For each entry, return the text exactly and omit any image.

--- EXERCISE DATA Enclosed Below ---

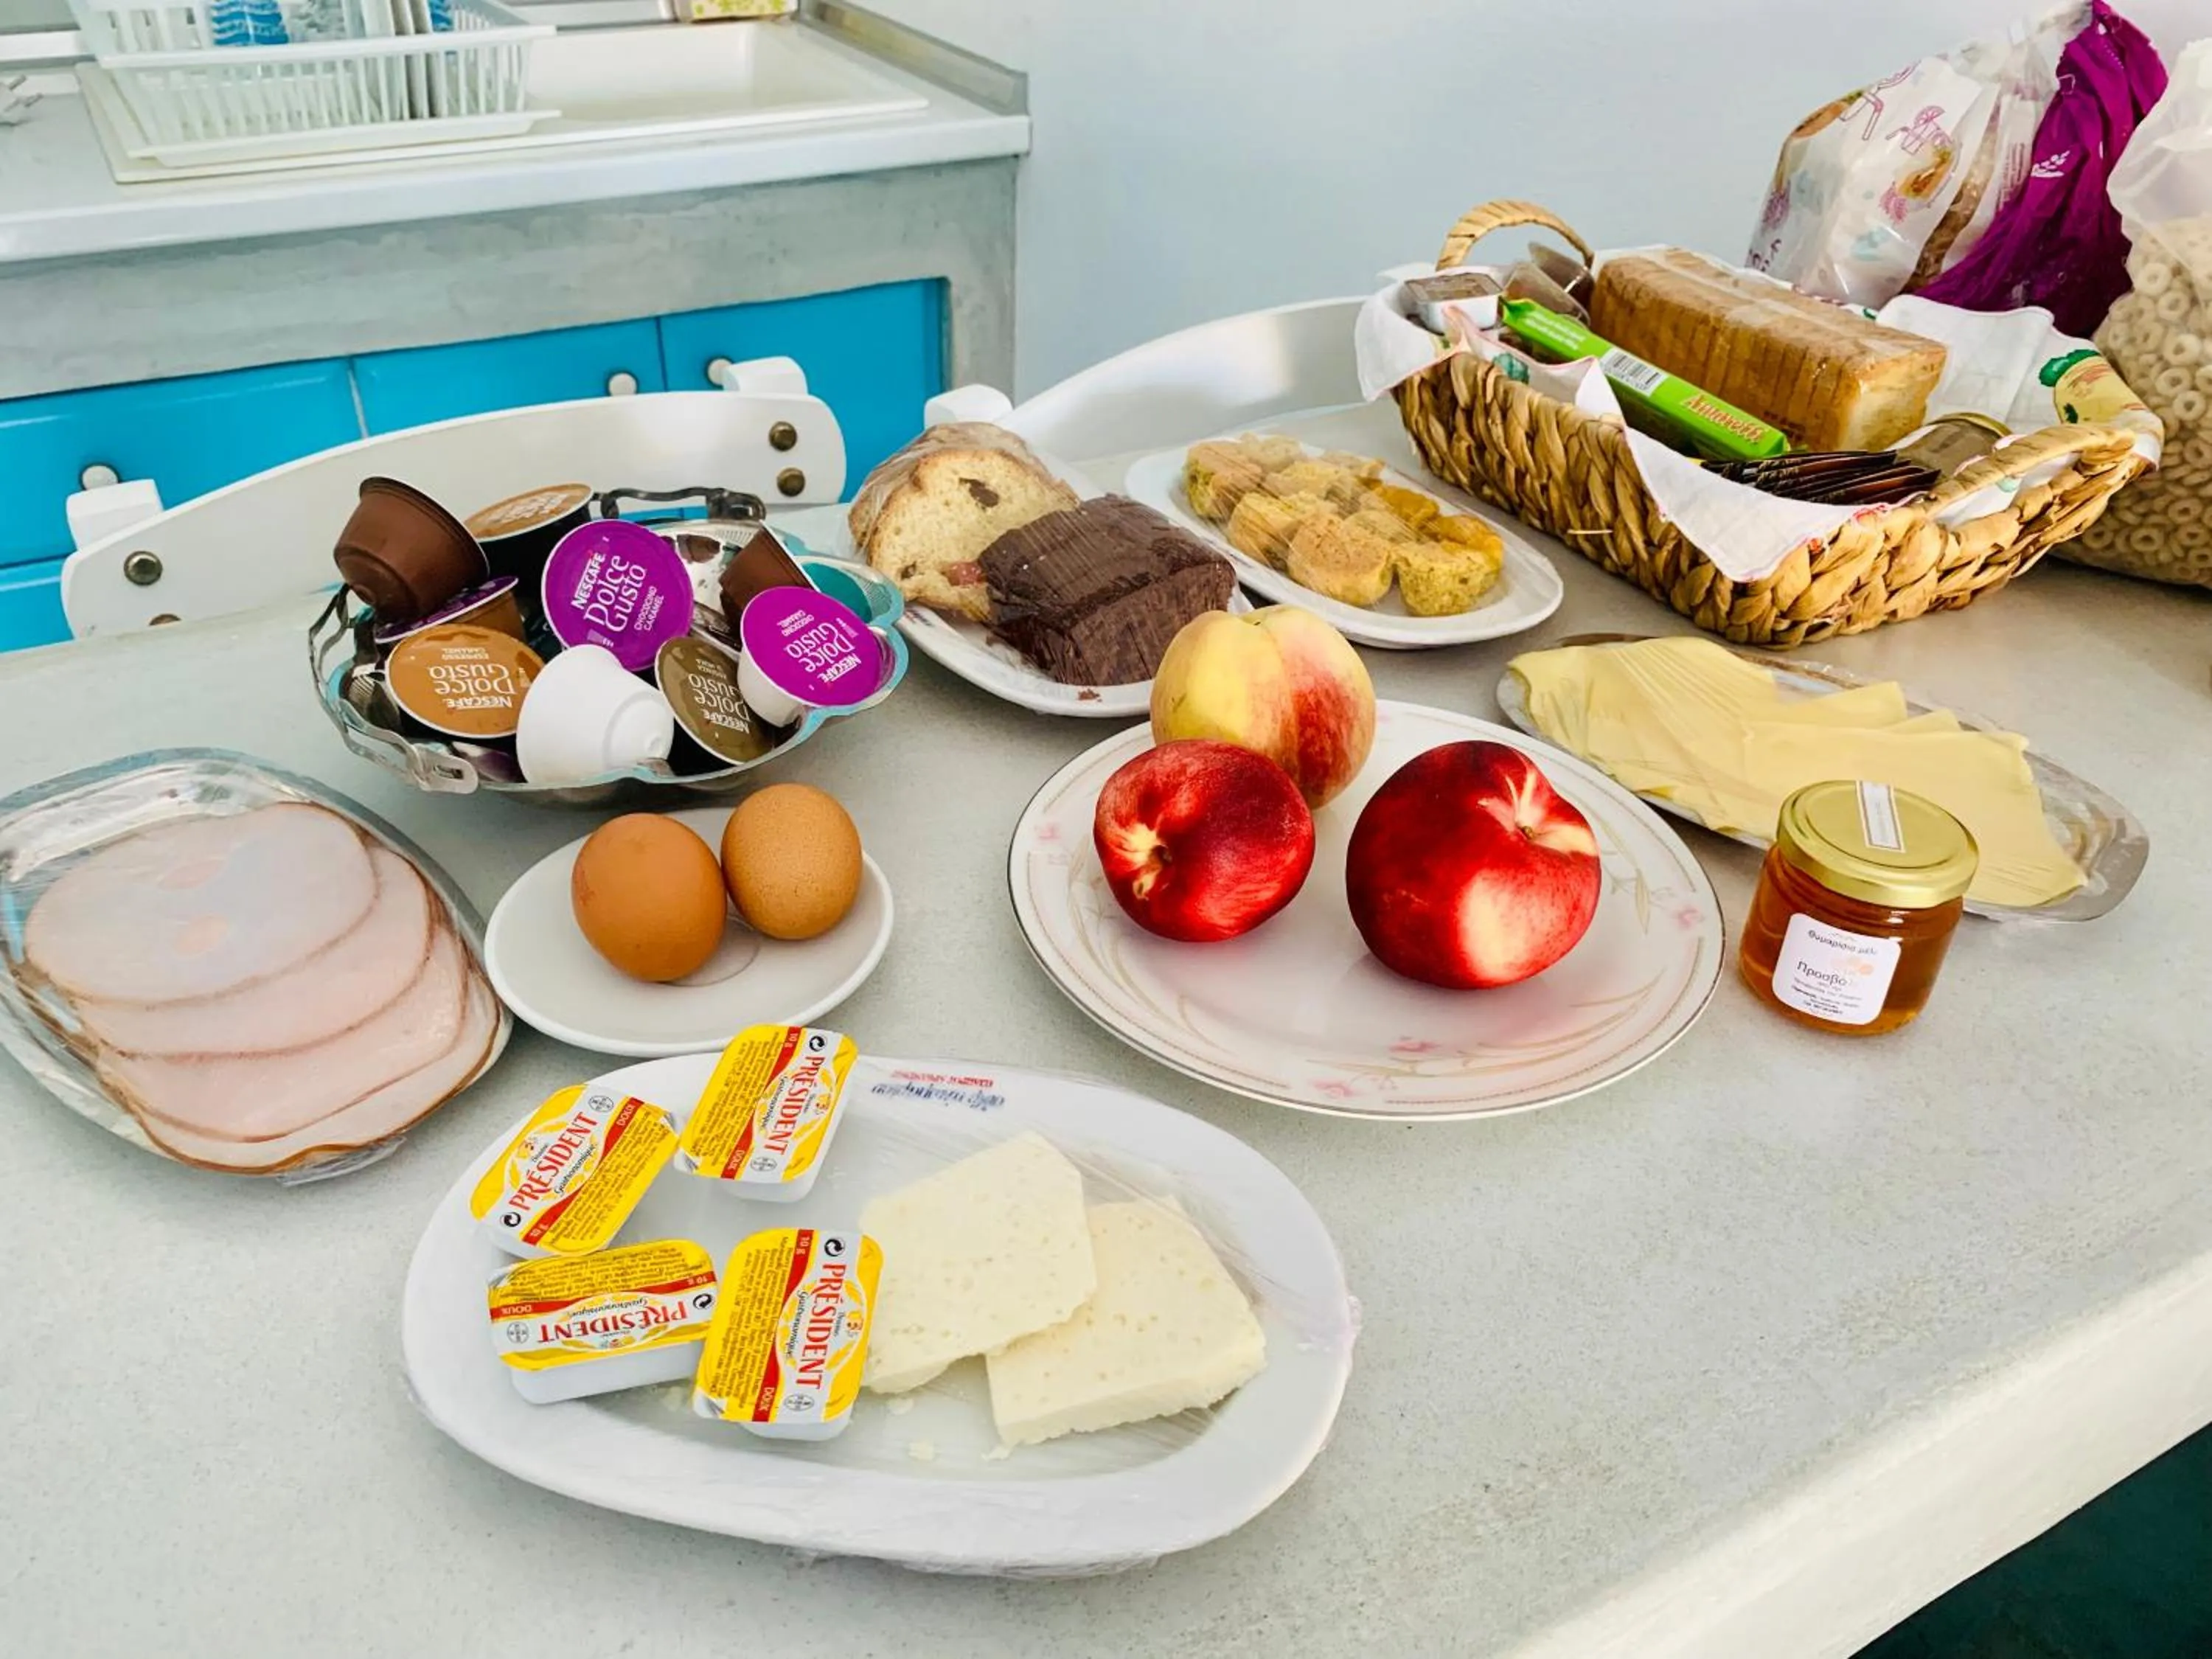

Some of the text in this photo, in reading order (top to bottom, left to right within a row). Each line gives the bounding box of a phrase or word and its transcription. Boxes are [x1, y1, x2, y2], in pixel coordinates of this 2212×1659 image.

[583, 554, 630, 626] Dolce
[605, 564, 647, 632] Gusto
[783, 622, 839, 658] Gusto
[798, 633, 856, 672] Dolce
[428, 664, 510, 681] Gusto
[432, 678, 517, 695] Dolce
[693, 688, 751, 722] Dolce
[763, 1055, 827, 1155] PRÉSIDENT
[509, 1111, 598, 1211] PRÉSIDENT
[799, 1237, 810, 1247] 10
[538, 1301, 688, 1343] PRÉSIDENT
[784, 1290, 810, 1357] Gastronomique
[796, 1264, 847, 1390] PRÉSIDENT
[758, 1386, 775, 1411] DOUX

--- End of Enclosed EXERCISE DATA ---

--- SOLUTION TO THE EXERCISE ---
Some of the text in this photo, in reading order (top to bottom, left to right within a row). Each line gives the bounding box of a phrase or word and its transcription. Boxes are [x1, y1, x2, y2], in pixel coordinates of this 2212×1659 image.

[583, 554, 630, 626] Dolce
[605, 564, 647, 632] Gusto
[783, 622, 839, 658] Gusto
[798, 633, 856, 672] Dolce
[428, 664, 510, 681] Gusto
[432, 678, 517, 695] Dolce
[693, 688, 751, 722] Dolce
[763, 1055, 827, 1155] PRÉSIDENT
[509, 1111, 598, 1211] PRÉSIDENT
[799, 1237, 810, 1247] 10
[538, 1301, 688, 1343] PRÉSIDENT
[784, 1290, 810, 1357] Gastronomique
[796, 1264, 847, 1390] PRÉSIDENT
[758, 1386, 775, 1411] DOUX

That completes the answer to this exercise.